Tropical Depression Gordon just doesn't want to give up. Gordon is meandering in the southern U.S. and satellites pinpointed its center over Arkansas on Friday, Sept. 7. Gordon continues to soak the southern U.S. and NASA's Aqua satellite located the strongest storms associated with the depression.
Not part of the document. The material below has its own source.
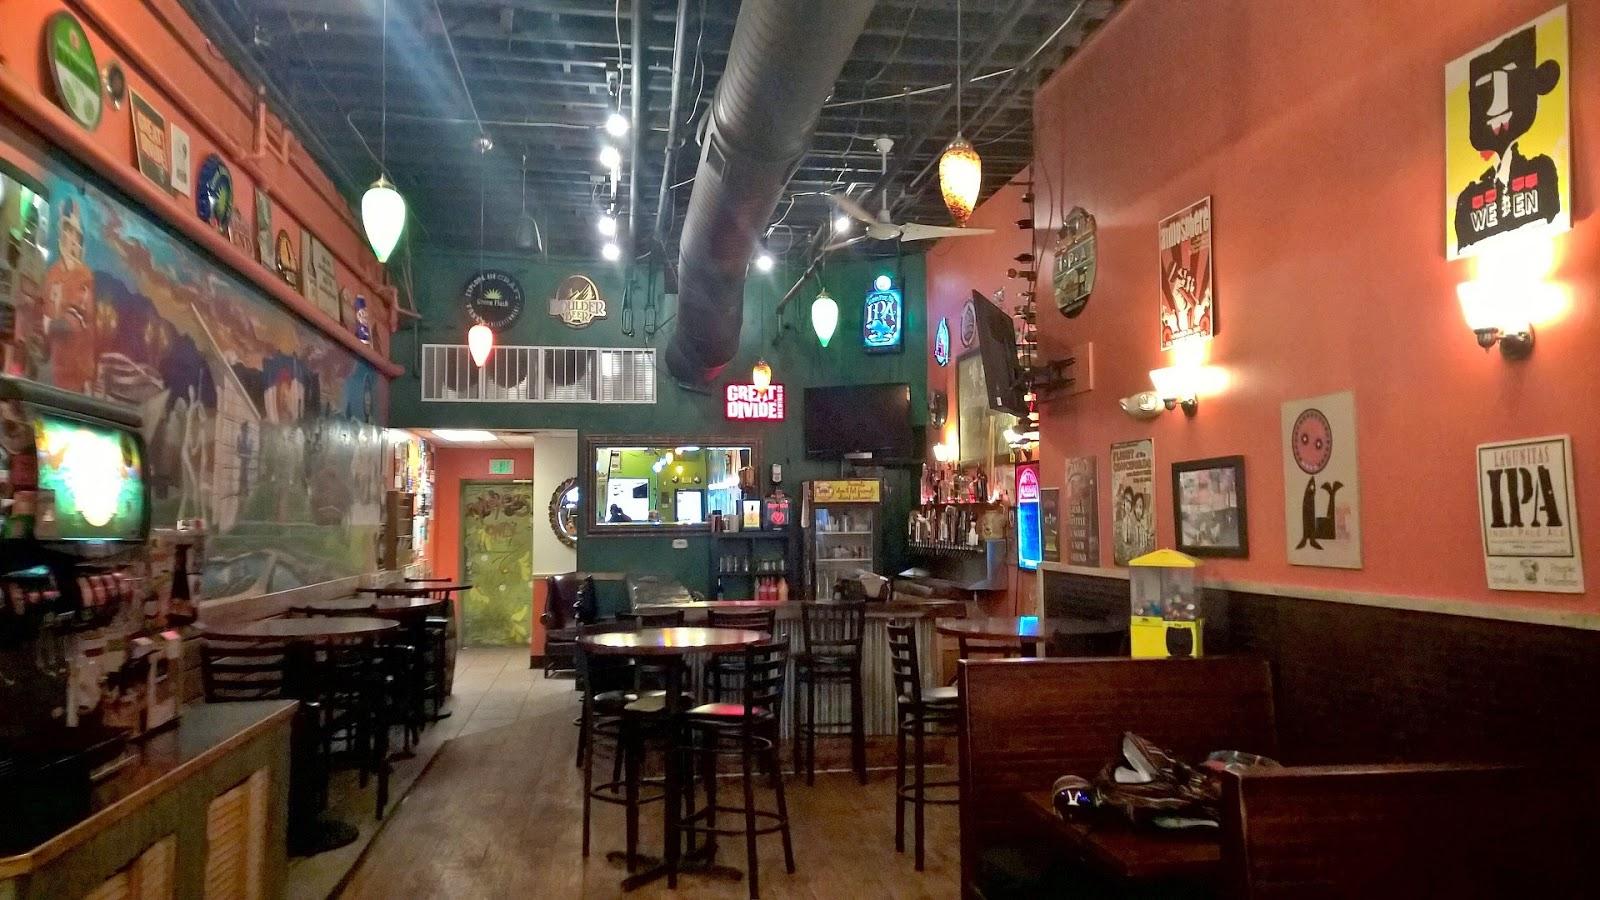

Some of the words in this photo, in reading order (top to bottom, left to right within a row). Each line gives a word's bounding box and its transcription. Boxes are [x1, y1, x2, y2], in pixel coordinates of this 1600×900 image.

NASA's Aqua satellite provided an infrared look at clouds associated with Gordon and found its center over Arkansas. At 4:35 a.m. EDT (0835 UTC) on Sept. 7, the MODIS or Moderate Resolution Imaging Spectroradiometer instrument aboard NASA's Aqua satellite looked at Tropical Depression Gordon in infrared light. AIRS found coldest cloud tops had temperatures near minus 63 degrees Fahrenheit (minus 53 degrees Celsius) around the center over southern Arkansas. NASA research has shown that storms with cloud tops that cold are high in the troposphere and can produce heavy rainfall.
On Sept. 7, the National Weather Service Weather Prediction Center noted that at 5 a.m. EDT (0900 UTC), Tropical Depression Gordon was located just 30 miles (45 km) south of Little Rock, Arkansas near latitude 34.5 degrees north and longitude 92.2 degrees west. The depression was moving toward the north near 5 mph (7 kph) and this motion is expected to continue today with a turn to the northeast Saturday, Sept. 8.
Maximum sustained winds are near 10 mph (20 kph) with higher gusts. A gradual increase in winds is expected as the low becomes extra-tropical over the weekend
The estimated minimum central pressure is 1013 millibars.
As with any tropical system over land, heavy rain and flooding is a main concern. Gordon is expected to produce total rain accumulations of 3 to 6 inches over Missouri into the Midwest, with possible isolated maximum amounts of 10 inches through Saturday night. This rainfall will likely cause local flooding and flash flooding.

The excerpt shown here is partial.